For these studies, an outcross between C3H/HeNTac (C3) female mice homozygous for the wildtype (+) Trp53 allele and the C57BL/6.129Sv-Trp53^tm1Brd N12 congenic (abbreviated B6.129-Trp53^tm1Brd) N12 backcross generation males homozygous for the Trp53 null (−) allele produced C3B6.129F1/Tac-Trp53^tm1Brd N12 progeny heterozygous for a Trp53 wildtype (+) and null allele (−) inbred mouse progeny [hereafter referred to in the abbreviated form as the heterozygous F1 p53^+/− mouse, Taconic Laboratory Animals and Services (Germantown, NY)]. The heterozygous F1 p53^+/− mouse was selected for the 40-week study of senna because the B6.129-Trp53^tm1Brd (N5) haploinsufficient male and female mice (backcrossed to C57BL/6, subline unspecified, for two generations and then to C57BL/6NTac females for an additional three generations) were not sufficiently inbred. The N5 generation of this line retained both C57BL/6 and 129Sv strain allele heterozygosity at both the Trp53 locus and the flanking region on chromosome 11 and at unknown loci throughout the genome of this line. This residual heterozygosity in the B6.129-Trp53^tm1Brd N5 backcross generation mice was one covariate that may have been responsible for large variations in the p-cresidine induced urinary bladder tumors (0% to 80%, 10 of 11 studies were positive) in males, which was used as a positive control genotoxic carcinogen in the ILSI/HESI Alternatives to Carcinogenicity Testing initiative (Storer et al., 2001). Therefore, additional inbreeding to the N12 generation was anticipated to decrease the variance in tumor incidence and stabilize the penetrance of tumor phenotypes in NTP studies.

The majority of B6.129-Trp53^tm1Brd homozygous null females die in utero and only a few are born alive and most die early.
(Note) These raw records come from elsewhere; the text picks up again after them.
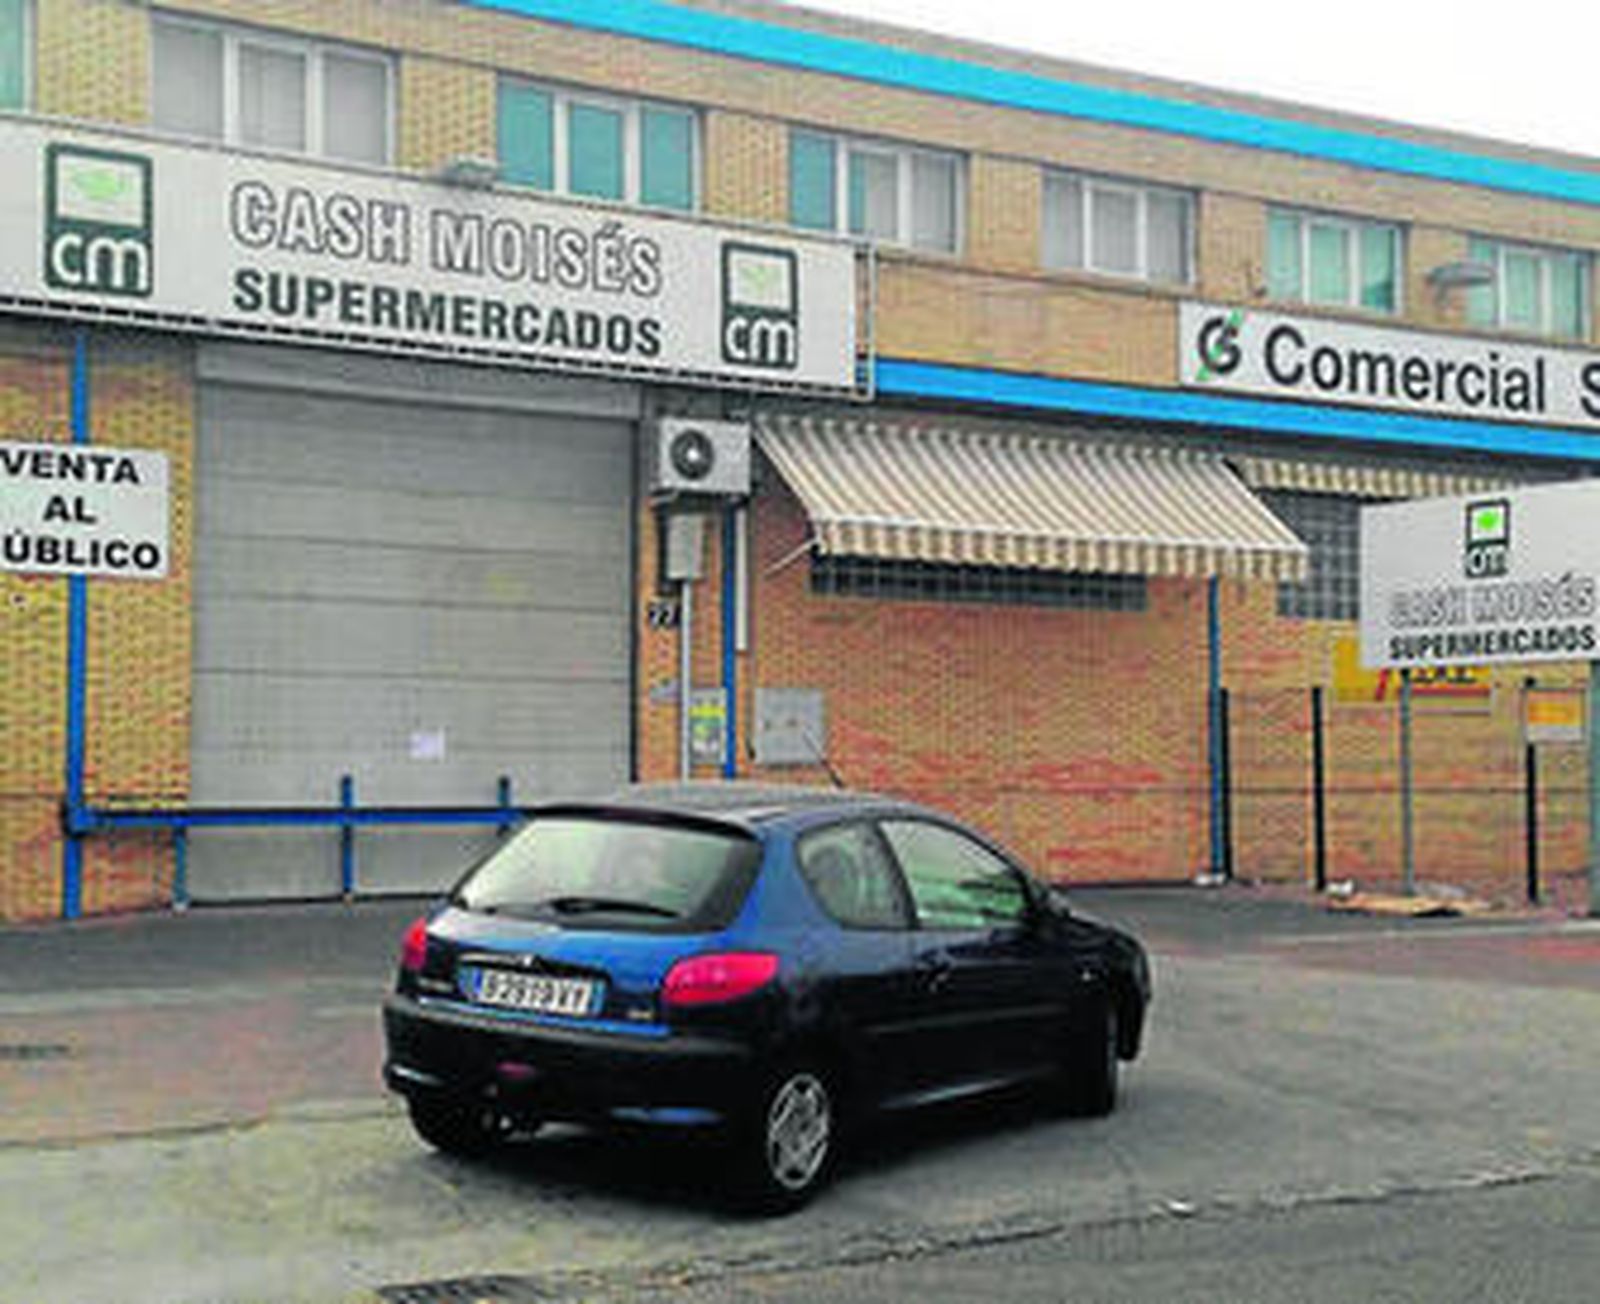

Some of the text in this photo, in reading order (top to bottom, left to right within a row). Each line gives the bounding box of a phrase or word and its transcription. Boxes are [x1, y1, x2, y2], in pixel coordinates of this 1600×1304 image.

[51, 232, 149, 290] cm
[229, 180, 661, 298] CASH MOISÉS
[233, 268, 661, 357] SUPERMERCADOS
[724, 316, 796, 366] cm
[1264, 324, 1545, 414] Comercial
[0, 449, 140, 485] VENTA
[43, 494, 97, 525] AL
[1388, 624, 1597, 660] SUPERMERCADOS
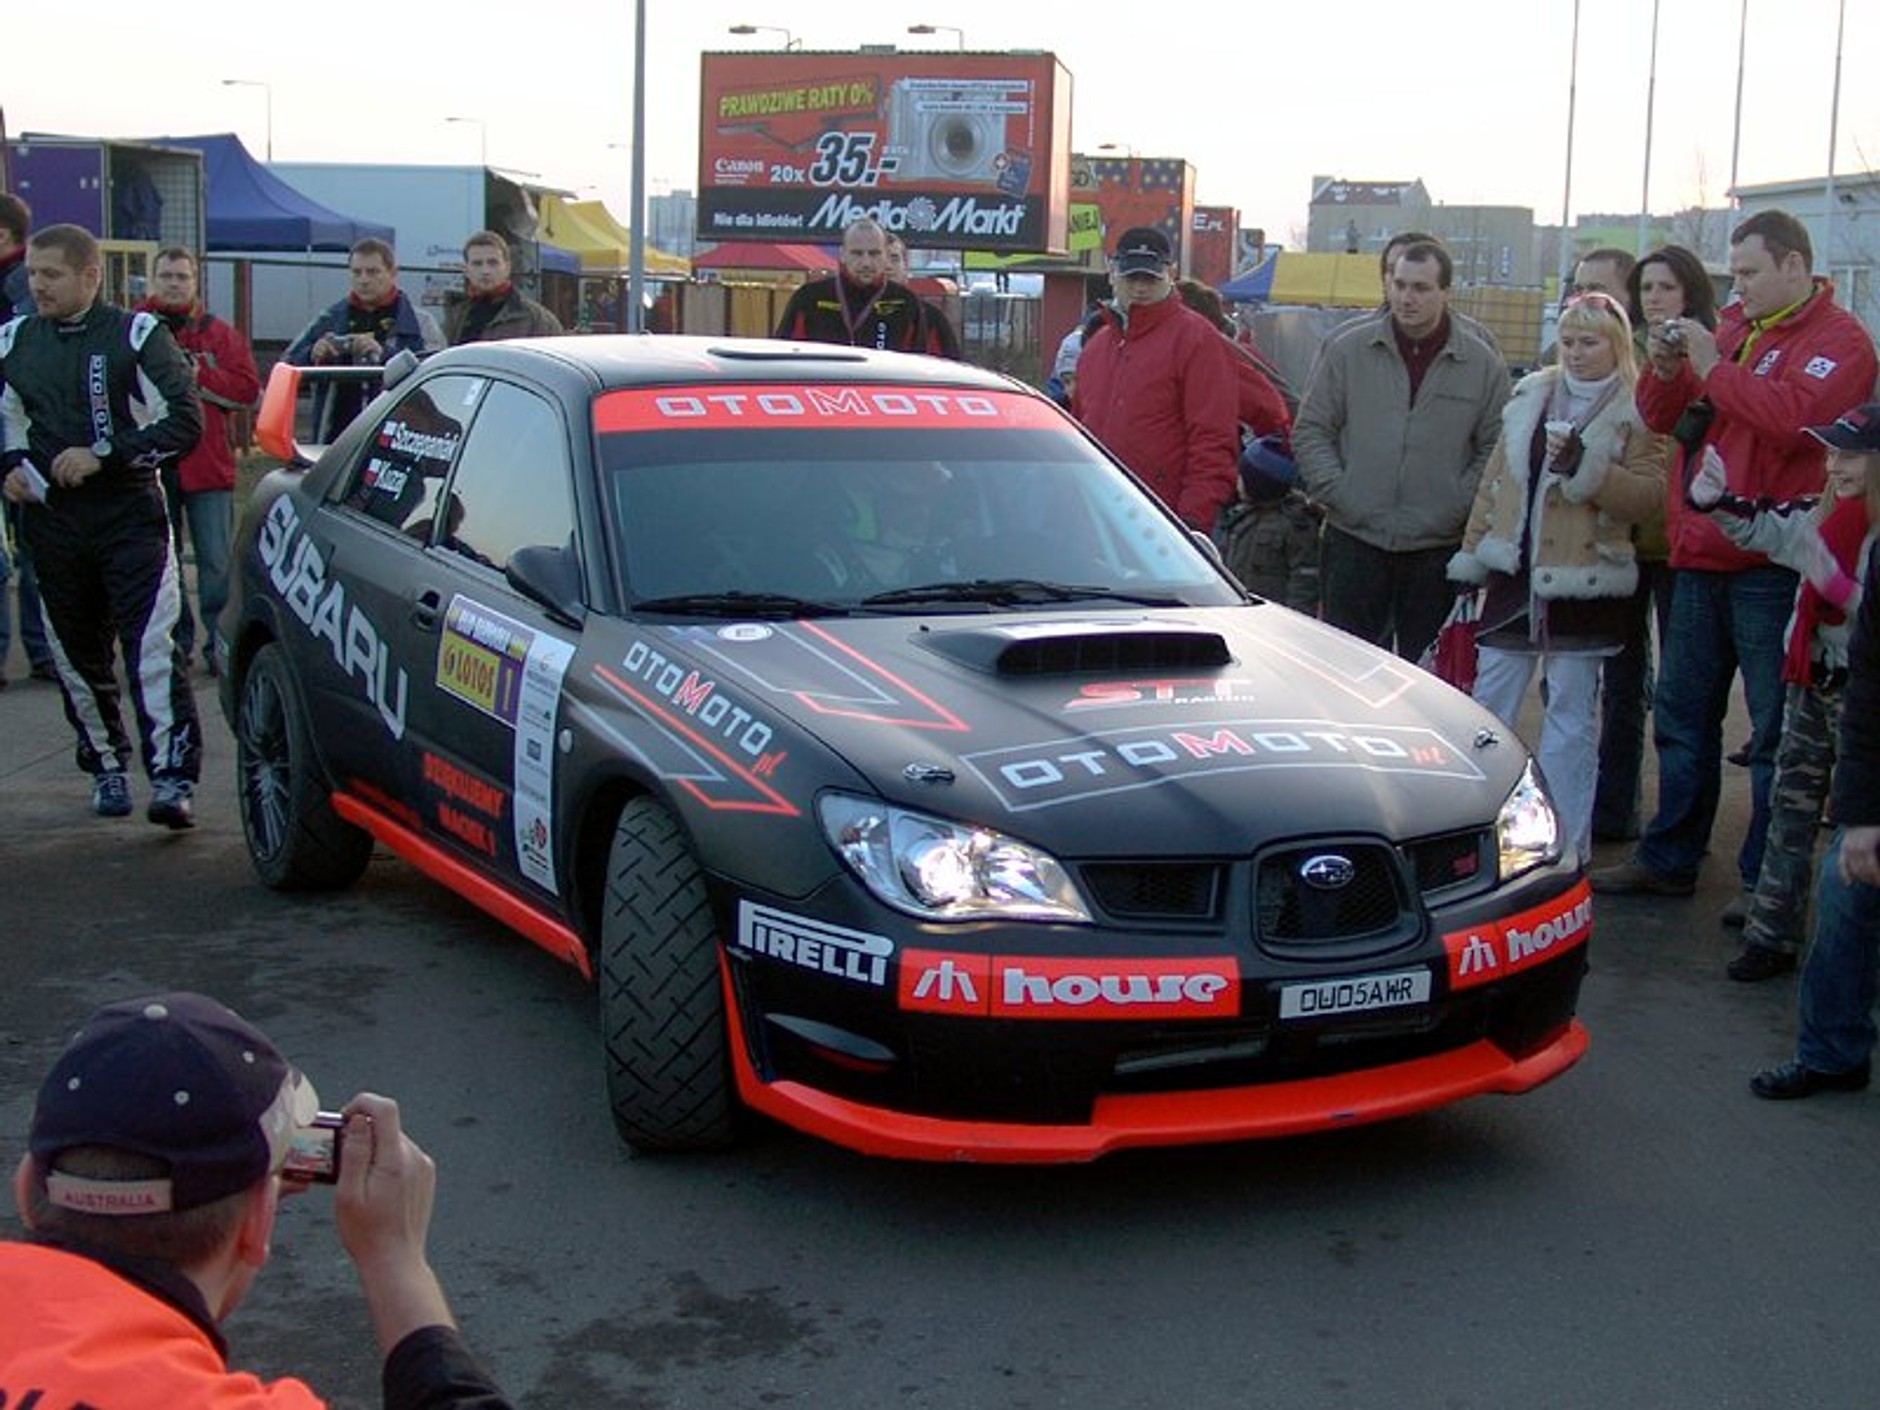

Thus, the B6.129-Trp53^tm1Brd N12 line is maintained by intercross of the B6.129-Trp53^tm1Brd female heterozygote with the B6.129-Trp53^tm1Brd homozygous null male to produce a 1:2 population of homozygous null males and heterozygous null males and females. Therefore it is necessary to select the B6.129-Trp53^tm1Brd homozygous null male as the carrier of the null allele. However, the selection of the C3H/HeNTac female as the wildtype Trp53 allele carrier provides 1) increased fecundity and maternal instincts, 2) increased hybrid vigor of an F1 outcross that increases the number of progeny, 3) the advantage of expanding the pattern of tumor susceptibility associated with this genetic background, and 4) a genetic background similar to the B6C3F1 mouse used in NTP studies (NTP, 2010). Together, these factors provided a rational basis for selection of this GMM test model. In addition, the NTP study to be reported on 3′-azido-3′-deoxythymidine (AZT) and 3′-azido-3′-deoxythymidine/lamivudine (AZT/3TC), also used the C3B6.129F1/Tac-Trp53^tm1Brd N12 haploinsufficient GMM model (NTP, 2012), and the background rate for spontaneous tumors in the control group C3B6.129F1-Trp53^tm1Brd haploinsufficient mice in all three studies (AZT, AZT/3TC, and senna) was not statistically different from the background rates for spontaneous tumors observed in control B6.129-Trp53^tm1Brd (N5) haploinsufficient mice used in previous NTP GMM studies (NTP, 2005a,^{b; 2007a,b,c,d,e;} 2008).

Study Rationale

Senna was nominated for study by the Center for Drug Evaluation and Research, United States Food and Drug Administration (FDA) due to the wide use of laxative preparations, positive genotoxicity in vitro for some senna components or metabolites, and unknown carcinogenic potential. Increased use of senna was expected due to the removal of danthron and phenolphthalein from the market. Because the 2-year rat study was ongoing by the manufacturer (Mitchell et al., 2006), the FDA requested that the NTP conduct a senna study in the p53^+/− mouse.